Mahidol University International Demonstration School (MUIDS) is a co-educational, international high school owned and operated by Mahidol University. The school is located on the Mahidol Salaya campus twenty-five kilometers west of Bangkok, Thailand. 

The MUIDS curriculum is a synthesis of the Content Standards for California Public Schools and the Thailand Ministry of Education Content Standards for Basic Education. MUIDS graduates study at Thai, Thai international, and international universities. MUIDS is certified by Western Association of Schools and Colleges (WASC) as well as the Thai Ministry of Education.

History 
In 2008, Mahidol University conducted a study to determine the possibility of creating an international demonstration school as a feeder school for the university. In 2010,  the university assembled a board of directors who lead the creation of MUIDS. The school officially opened in the fall of 2013 and graduated its first senior class in the summer of 2016.

Curriculum 
The core curriculum (math, science, English, social studies, etc.) at MUIDS is supported by coursework in required electives (technology, physical education, fine arts) and career-based electives (business, medicine, etc.). Advanced Placement (AP) courses are also available for students. The Thai Ministry of Education mandates that all students take Thai Language and Civics courses. Native and non-native speakers take separate classes. Some faculties in Thai universities require significantly more math and science credits than international universities. MUIDS counselors help students navigate this complex process. The school combines the Thai Ministry of Education and American Common Core Standards. 

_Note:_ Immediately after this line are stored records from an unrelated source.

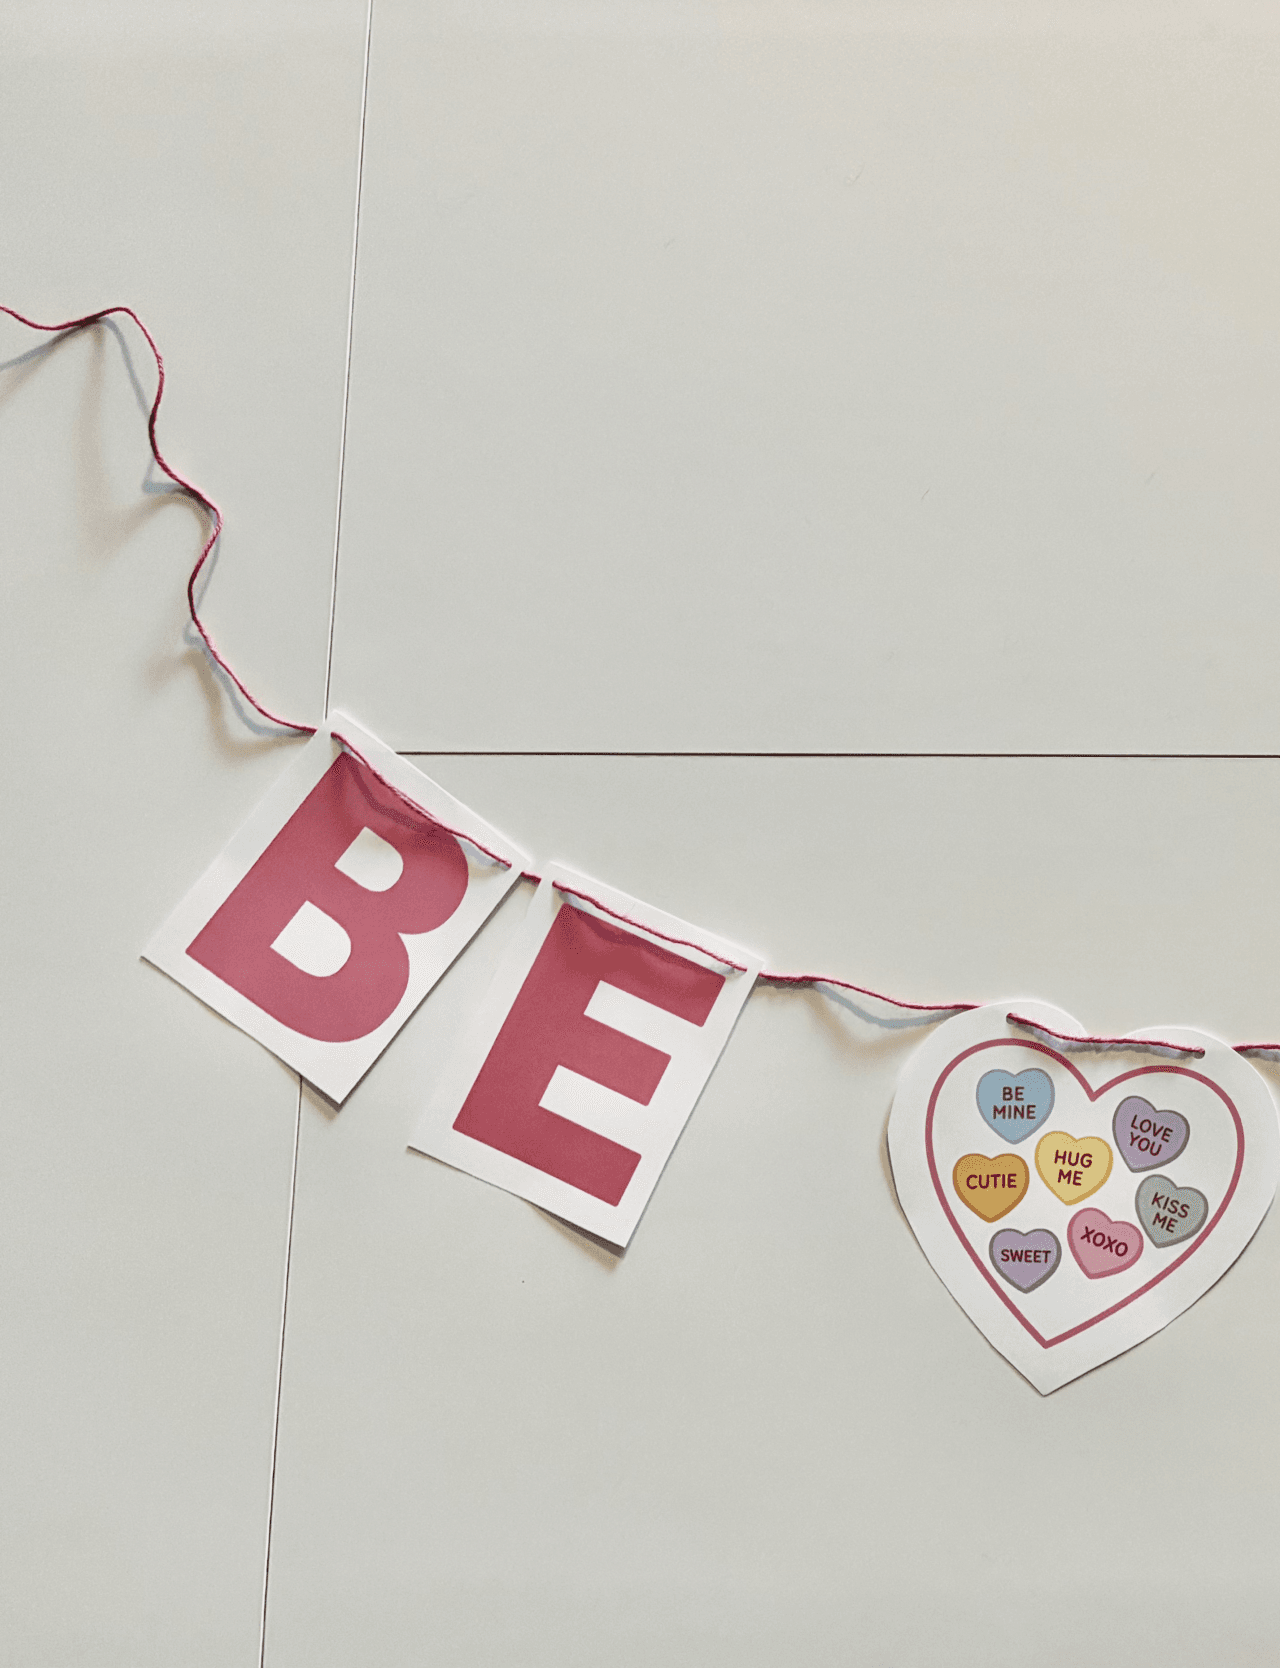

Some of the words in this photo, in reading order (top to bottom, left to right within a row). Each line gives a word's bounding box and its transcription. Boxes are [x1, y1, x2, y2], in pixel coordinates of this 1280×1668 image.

[185, 751, 726, 1207] BE
[1002, 1086, 1025, 1102] BE
[992, 1104, 1037, 1120] MINE
[1130, 1114, 1173, 1144] LOVE
[1129, 1132, 1162, 1157] YOU
[1053, 1150, 1093, 1169] HUG
[965, 1173, 1017, 1190] CUTIE
[1057, 1169, 1083, 1186] ME
[1151, 1192, 1190, 1219] KISS
[1152, 1212, 1178, 1233] ME
[1080, 1226, 1129, 1257] XOXO
[1000, 1249, 1051, 1264] SWEET

Students are required to earn twenty community service hours per year as well as one hundred learner development hours through clubs and activities. They may choose from several electives such as Intro to Software Engineering, Zoology, and even Entrepreneurship.

School year 
The MUIDS school year begins in August and ends in June. It consists of one hundred and eighty school days stretched across four quarters. The school observes Thai and Buddhist holidays as well as certain Western holidays.

The academic program is organized on a period schedule. Classes are year-long; each period meets anywhere from one to five times a week. MUIDS students earn a minimum of 81 credits over a three-year period. They must earn at least 27 credits every school year.

At the end of the school year students and teachers participate in “Week Without Walls,” spending a week of school outside of the classroom learning in a non-conventional environment. This one-week trip always takes place outside the city of Bangkok.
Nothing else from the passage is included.